In a population-based cohort study which enrolled 1004 elderly people,
Nochioka et al. analysed the prevalence and prognostic role of RV
dysfunction for HF with 2D and 3D echocardiography. Among patients with
no HF at baseline, 3D RVEF proved to be an independent predictor of
death or incidence of HF: each 5% decrease in 3D RVEF was associated
with a 20% increase in the hazard of death or hospitalization for HF,
independent of LVEF [59].
Magunia et al. showed that 3D RVEF is an independent predictor of
post-operative RV failure in LVAD recipients [60], which is a
well-known, common cause of mortality after LVAD implantation [61].

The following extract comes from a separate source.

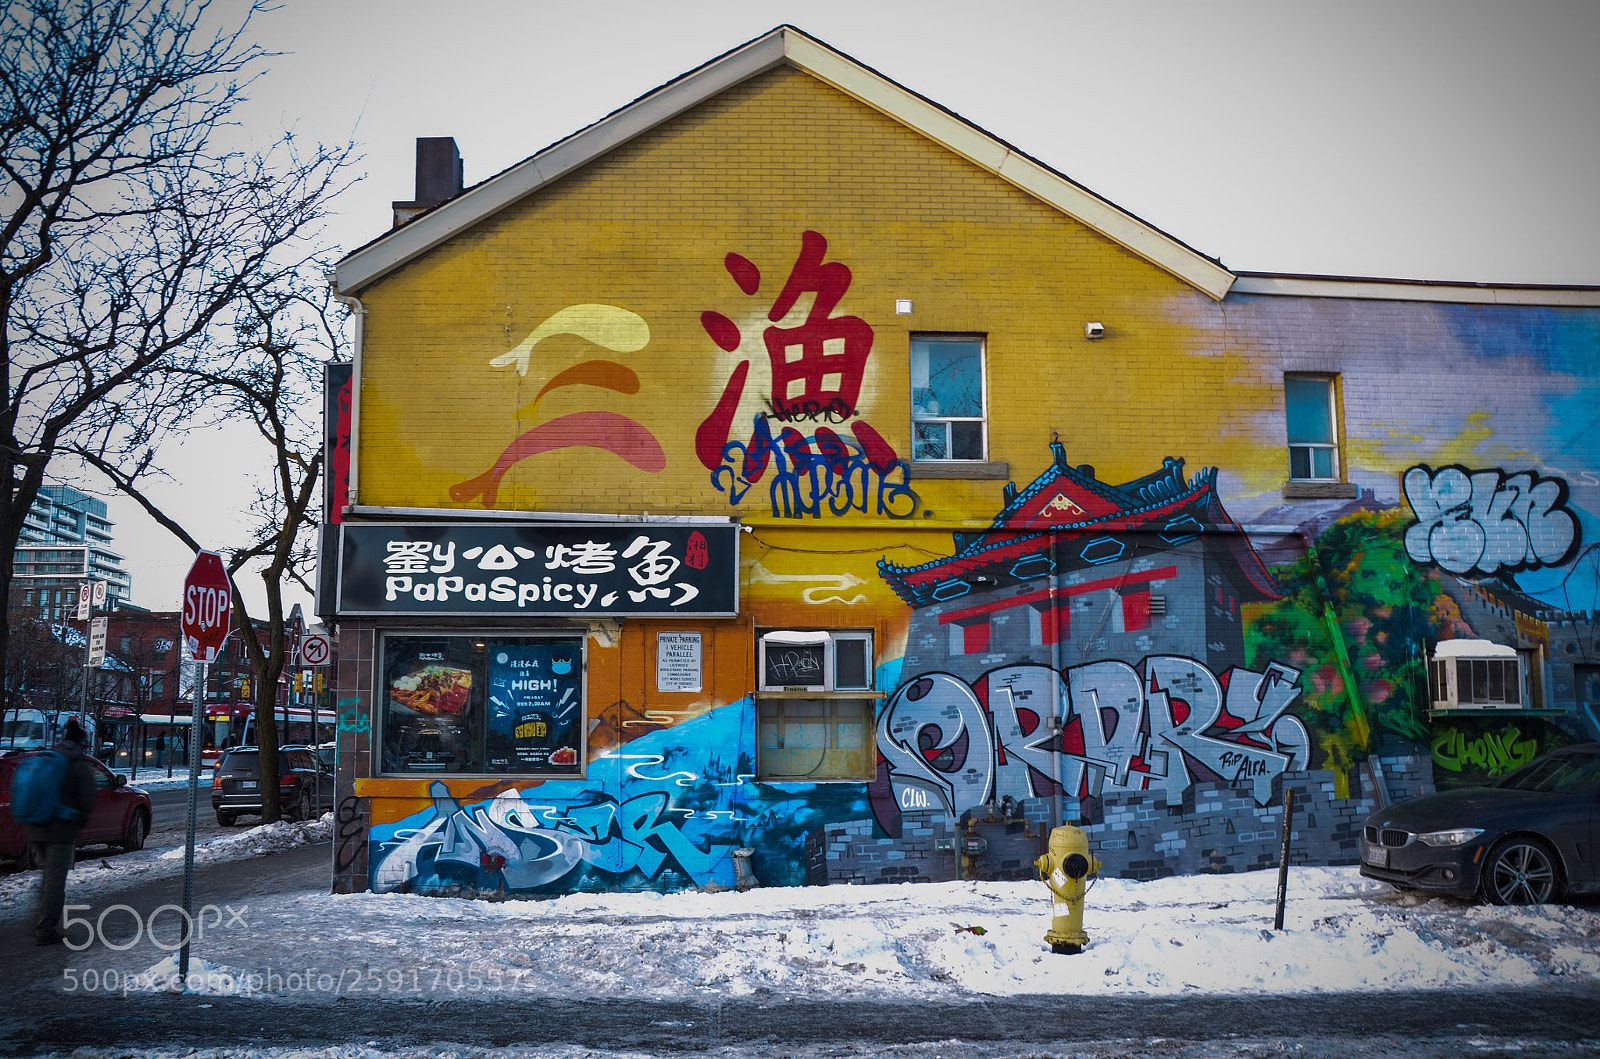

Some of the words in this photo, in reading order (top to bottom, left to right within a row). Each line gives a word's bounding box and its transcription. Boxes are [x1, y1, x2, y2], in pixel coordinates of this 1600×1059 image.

In a recent study, Nagata et al. investigated the long-term prognostic
value of 3D RVEF in 446 patients with various cardiovascular diseases,
who were followed during 4.1 years for a primary endpoint of cardiac
death and a secondary composite endpoint of cardiac death, ventricular
fibrillation, nonfatal myocardial infarction and hospitalization for HF
exacerbation. At the end of the follow-up period, 3D RVEF was found to
be an independent predictor of both cardiac death and of the secondary
endpoint of MACE [62].
A recent retrospective study of Surkova et al. evaluated the relative
importance of different combinations of reduced and preserved 3D LVEF
and 3D RVEF in predicting mortality in patients with different cardiac
diseases. Impaired 3D RVEF, but not LVEF, was a strong and independent
predictor of both all-cause mortality and cardiovascular mortality
[63]. Moreover, 3D RVEF was superior to conventional
echocardiographic parameters of RV performance to predict total
mortality. The group of patients with reduced LVEF and reduced RVEF had
the highest mortality in the study; interestingly, patients with reduced
LVEF and preserved RVEF had significantly better survival than patients
with reduced RVEF and preserved LVEF [63]. The results of this study
draw the attention to the potential role of therapies targeting RV
dysfunction to improve clinical outcome.